Les démons chauve-souris et le Cãoera brésilien
Dans la région latino-américaine, il semble que l'ancienne croyance en la "chauve-souris de la mort" a survécu jusqu'à aujourd'hui. Par exemple, à Zincantan (Chiapas, Mexique), les paysans parlent d'une créature légendaire, mi-homme, mi-chauve-souris, connue sous le nom de j'ik'al ou El Negro Cimmarrón14. El Negro cimarrón est souvent accusé de kidnapper des femmes et de les dévorer dans les cavernes où il vit15. Elément peut-être révélateur, le j'ik'al est parfois nommé le "coupeur de cous"16.

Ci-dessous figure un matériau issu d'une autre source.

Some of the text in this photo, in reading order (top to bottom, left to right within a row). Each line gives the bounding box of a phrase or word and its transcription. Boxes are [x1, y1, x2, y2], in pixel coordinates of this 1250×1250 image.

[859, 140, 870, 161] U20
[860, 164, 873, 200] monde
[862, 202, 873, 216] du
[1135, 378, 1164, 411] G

Des histoires de démons chauves-souris ont été répertoriées par des folkloristes ailleurs en Amérique. Elisabeth Benson, qui a étudié la symbolique du vampire dans les anciennes cultures, donne plus d'informations sur ce sujet17 :
"Pour les Indiens Arawaks du nord de la Guyane, la Montagne de la Chauve-Souris est la maison de ces "chauves-souris tueuses" et il y a aussi une chauve-souris tueuse dans le folklore du Venezuela. Des démons chauves-souris coupeurs de têtes apparaissent dans de nombreux mythes dans la région de l'Amazone et même jusqu'au sud, dans le Gran Chaco du nord de l'Argentine. Le folklore de la tribu Ge au Brésil parle d'"Indiens" possédant des ailes et un nez de chauve-souris, qui vivaient dans une grande caverne près d'une rivière et qui sortaient uniquement la nuit. Volant comme des chauves-souris, ils tuaient avec des des "haches en forme d'ancre" et des "hachettes-lunes". Dans un autre conte, les humains prennent les haches de cérémonie des chauves-souris qui les utilisaient pour la décapitation. La forme de ces haches est la même que les couteaux de sacrifice souvent dépeints dans l'ancien art mochica du centre des Andes."

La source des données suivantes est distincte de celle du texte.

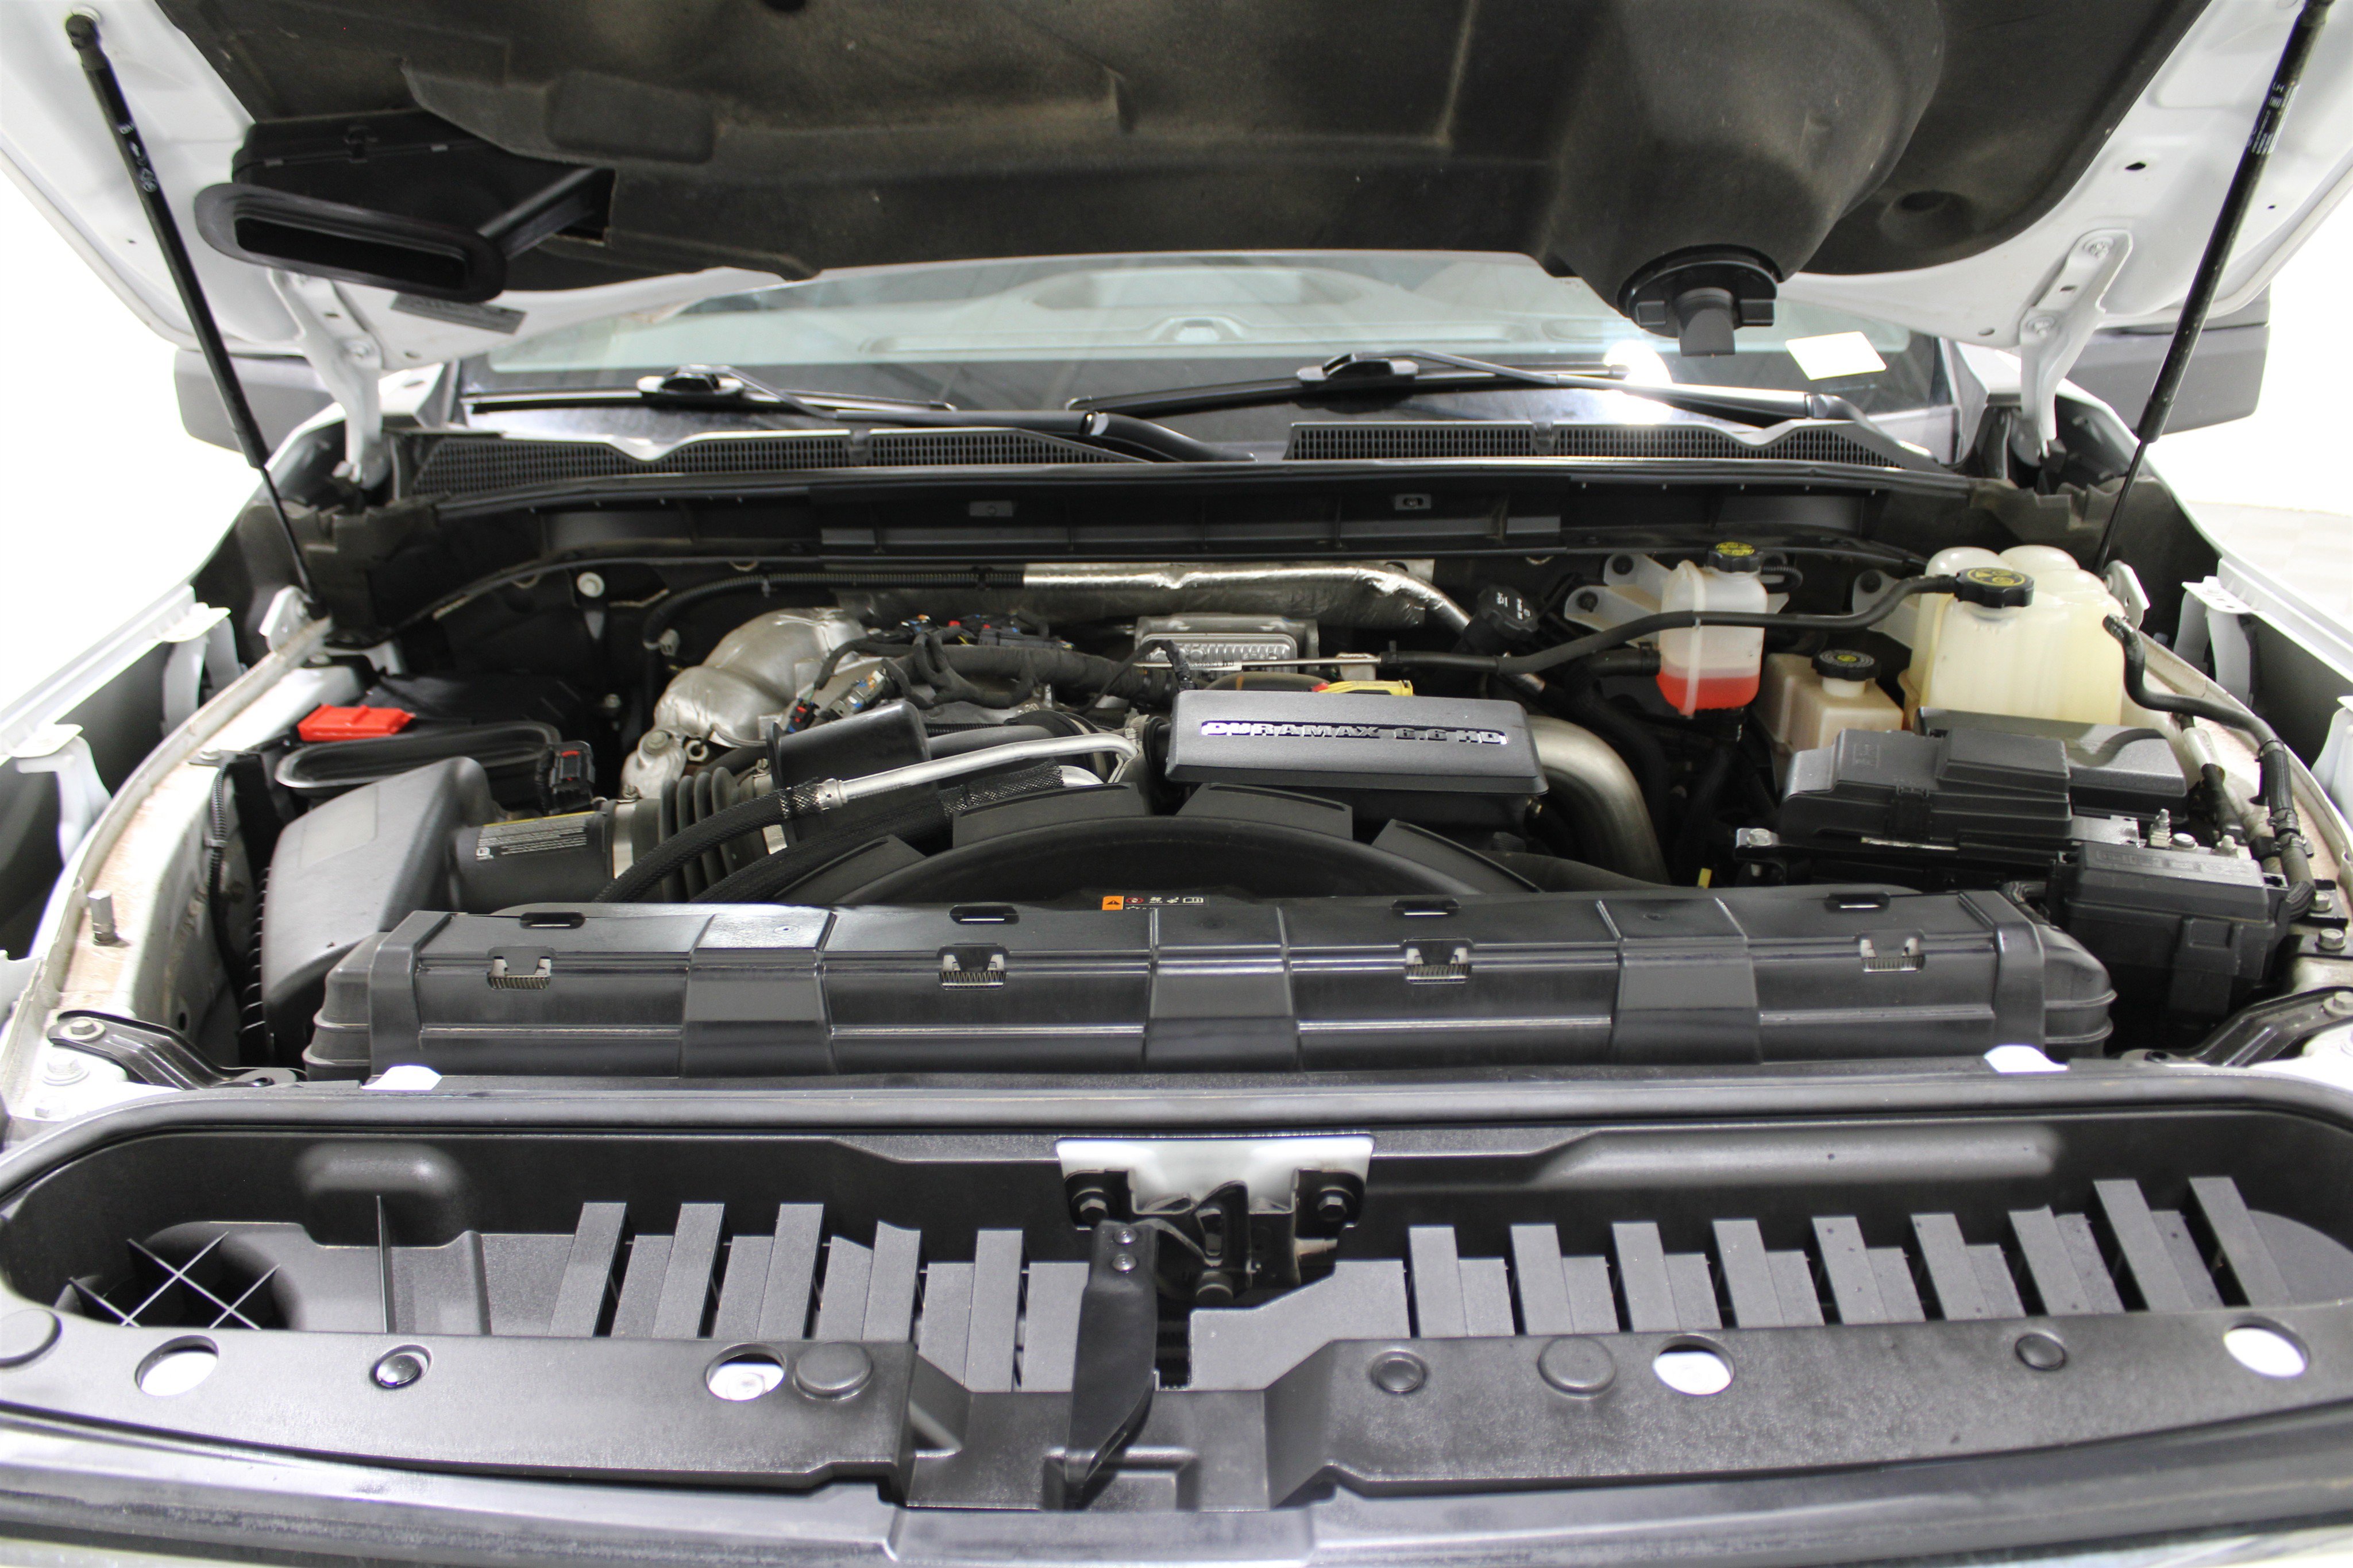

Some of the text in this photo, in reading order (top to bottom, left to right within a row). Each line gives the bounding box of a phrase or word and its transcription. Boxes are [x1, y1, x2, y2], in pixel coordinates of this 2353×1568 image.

Carlos Esteban de Oliveira parle de ces " Indiens " chauves-souris dans son livre Os Apinajés do Alto Tocantins18 :
" Anciennement, il y avait une étrange nation d'Indiens sur les plateaux de Tocantin qui avaient des ailes et sortaient seulement la nuit, volant comme des chauves-souris. Ils étaient appelés Cupendipes et vivaient dans une colline, à l'intérieur d'une grotte. Ils avaient toujours avec eux leurs "hachettes-lunes" avec lesquelles ils coupaient le cou des gens et des animaux. Un jour, les Apinayes rassemblèrent les guerriers de dix villages et décidèrent d'attaquer les Cupendipes. Ils arrivèrent à la colline et couvrirent l'entrée de la caverne de paille sèche à laquelle ils mirent le feu. Durant la bataille, les Apinayes tuèrent un vieux Cupendipe et attrapèrent un enfant qui, étant sans aile, ne pouvait fuir. Afin de le capturer, les Apinayes devaient entrer dans la caverne. Après avoir frappé avec des bâtons sur tous les coins de la caverne, ils le virent suspendu au plafond, comme une chauve-souris. Les Apinayes l'amenèrent au village. Néanmoins, ils ne réussirent pas à le maintenir en vie. Le petit Cupendipe refusa toute nourriture à part du maïs et ne s'allongeait pas pour dormir. Les Apinayes plantèrent deux poteaux dans le sol et mirent un bâton entre les deux. Ainsi l'enfant, suspendu à l'envers, put dormir un peu. Mais finalement, quelques jours plus tard, il mourut. "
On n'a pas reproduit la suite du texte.